Determinar nas crianças de 6 anos da Freguesia de Mafra a prevalência e gravidade de cárie na dentição decídua e o nível de higiene oral. Descrever os comportamentos relacionados com a saúde oral e analisar a associação entre a cárie, o nível de higiene oral e estes comportamentos.

Métodos

Estudo observacional e transversal. Foi recolhida informação sobre comportamentos relacionados com a saúde oral através de um questionário. Os dados relativos à cárie (Índice cpod) e ao nível de higiene oral (IHO‐S) foram obtidos por um observador calibrado que utilizou os critérios da OMS. A análise dos dados foi efetuada com os testes do qui‐quadrado, Mann‐Whitney e Kruskal‐Wallis (α=0,05).

Resultados

A amostra consistiu em 165 crianças. A prevalência de cárie na dentição decídua foi de 32,7% e o cpod de 1,32, encontrando‐se a grande maioria dos dentes cariados (84,9%). A média do IHO‐S foi 1,74. A maioria das crianças já havia visitado o dentista (61,0%) e ingeria alimentos cariogénicos «às vezes» (76,2%). Mais de 80% das crianças escovava os dentes diariamente com a ajuda dos pais e 66,7% iniciou a escovagem entre o primeiro e o terceiro ano de vida. Verificou‐se uma associação positiva entre a cárie e as visitas ao dentista e a idade de início de escovagem dos dentes.

Conclusões

A prevalência e gravidade de cárie podem ser consideradas baixas, no entanto, a maioria dos dentes com experiência de cárie não estavam tratados. As atividades de promoção da saúde oral devem incluir informação sobre os comportamentos alimentares e, em especial, informação e motivação para o início precoce da escovagem dos dentes.

Palavras‐chave:
Cárie dentária
Prevalência
Epidemiologia
Saúde oral
Abstract
Objectives

Determine the prevalence and severity of dental caries in the primary dentition and the oral hygiene level in 6‐year‐old children of Mafra. Describe oral health related behaviours and analyze the association between oral health behaviours and both caries in the primary dentition and oral hygiene level.

Methods

Cross‐sectional study. Oral health behaviours information was obtained by a questionnaire. Caries (cpod using WHO criteria) and oral hygiene (OHI‐S) data was collected by a calibrated observer. Statistical analysis was performed using Chi‐Square, Mann‐Whitney and Kruskal‐Wallis tests (α=0.05).

Results

The sample included 165 children. The prevalence of caries in the primary dentition was 32.7% and the dmft was 1.32, with the vast majority of teeth (84.9%) being decayed. The mean OHI‐S was 1.74. Most children had visited the dentist (61.0%) and ate cariogenic foods «sometimes» (76.2%). Over 80% of children brushed their teeth daily with parents¿ help and 66.7% started brushing between the first and third year. A positive association was found between caries and the visit to the dentist, and the age toothbrushing started.

Conclusions

The prevalence and severity of dental caries may be considered low. The oral health promotion activities should include information and motivation for healthy behaviours, specially, for the age of toothbrush beginning.

Keywords:
Dental caries
Prevalence
Epidemiology
Oral health
Texto completo
Introdução

Nas últimas décadas do século XX verificou‐se uma evidente diminuição da prevalência de cárie dentária nos países desenvolvidos1–3. De um modo geral, as principais causas apontadas para esta diminuição incluem a melhoria das condições gerais de saúde e, mais especificamente, a generalização das medidas de higiene oral e da utilização de produtos fluoretados4,5. Alguns estudos realizados em países desenvolvidos demonstraram que, nos últimos anos, após esta clara diminuição desta doença se atingiu uma estabilização ou um ligeiro aumento da prevalência de cárie na dentição decídua6–8.

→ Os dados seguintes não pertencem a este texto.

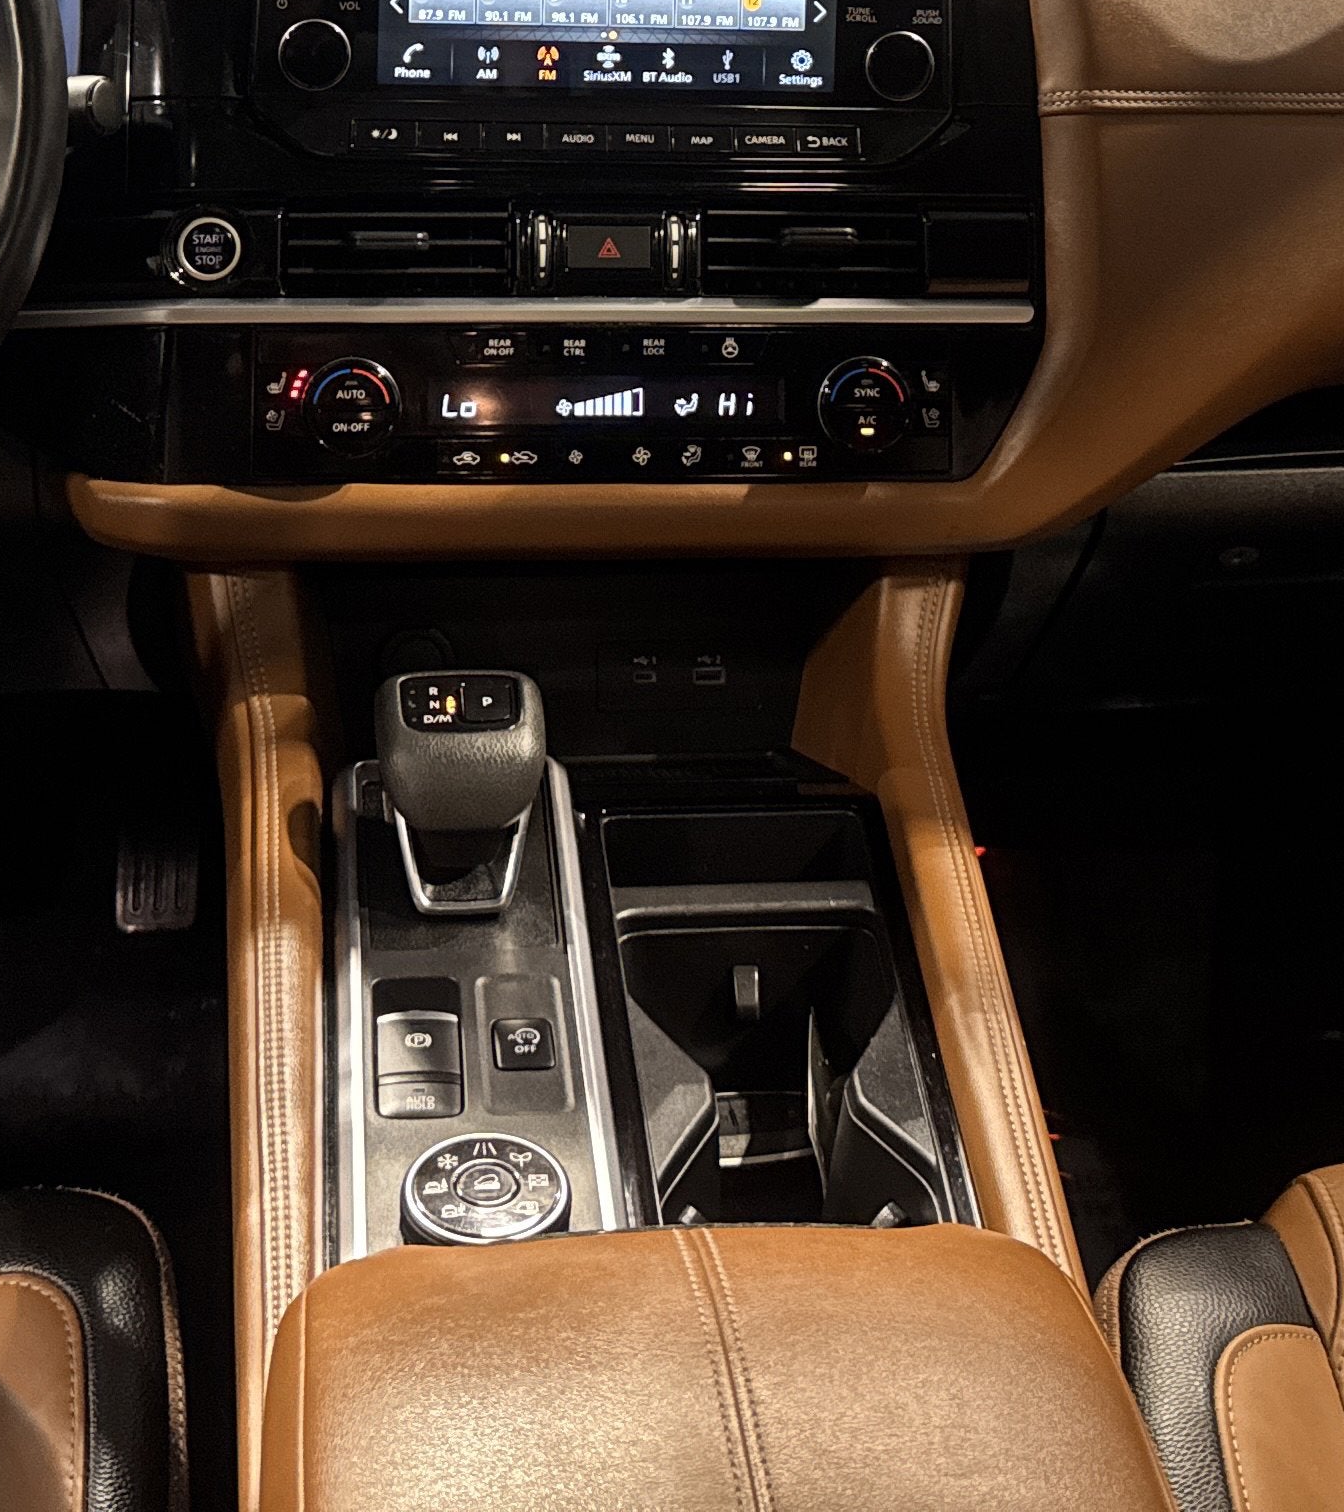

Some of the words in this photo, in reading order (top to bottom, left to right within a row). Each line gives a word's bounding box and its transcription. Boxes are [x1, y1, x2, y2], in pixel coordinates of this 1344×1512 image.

[339, 0, 361, 11] VOL
[447, 9, 466, 21] FM
[484, 10, 509, 22] 90.1
[514, 11, 532, 22] FM
[580, 12, 599, 24] FM
[615, 12, 644, 24] 106.1
[650, 13, 668, 25] FM
[845, 14, 878, 24] SCROLL
[916, 9, 940, 17] PUSH
[681, 14, 712, 26] 107.9
[716, 15, 734, 27] FM
[747, 15, 777, 27] 107.9
[781, 16, 799, 28] FM
[912, 17, 943, 25] SOUND
[393, 66, 431, 80] Phone
[476, 68, 498, 80] AM
[538, 69, 558, 81] FM
[583, 70, 632, 83] SiriusXM
[642, 71, 658, 83] BT
[658, 71, 693, 84] Audio
[712, 72, 740, 84] USB1
[778, 73, 824, 88] Settings
[561, 132, 595, 145] AUDIO
[625, 132, 655, 145] MENU
[690, 134, 714, 146] MAP
[744, 134, 786, 146] CAMERA
[822, 135, 849, 147] BACK
[192, 233, 225, 245] START
[194, 245, 222, 254] ENGINE
[194, 254, 224, 266] STOP
[488, 338, 512, 348] REAR
[563, 339, 586, 348] REAR
[642, 338, 666, 348] REAR
[563, 347, 586, 357] CTRL
[642, 347, 666, 356] LOCK
[336, 389, 367, 400] AUTO
[854, 387, 881, 398] SYNC
[441, 393, 478, 419] Lo
[718, 392, 755, 417] Hi
[857, 414, 877, 425] A/C
[740, 460, 764, 469] FRONT
[799, 459, 818, 468] REAR
[428, 686, 439, 696] R
[429, 700, 440, 710] N
[482, 696, 493, 708] P
[423, 714, 453, 725] D/M
[514, 1044, 538, 1055] OFF
[405, 1095, 436, 1103] AUTO
[405, 1102, 436, 1111] HOLD

Em Portugal, os estudos publicados apontam para uma melhoria dos indicadores de cárie9–11 aumentando a percentagem de isentos de cárie na dentição decídua aos 6 anos de idade de 17,0% em 19849 para 51% em 200511. Os resultados do III Estudo Nacional da Prevalência das Doenças Orais da Direção‐Geral da Saúde (DGS), ainda não publicados, mas apresentados em março de 2015 no Dia Mundial da Saúde Oral, referiram 54% de indivíduos isentos de cárie nessa mesma idade.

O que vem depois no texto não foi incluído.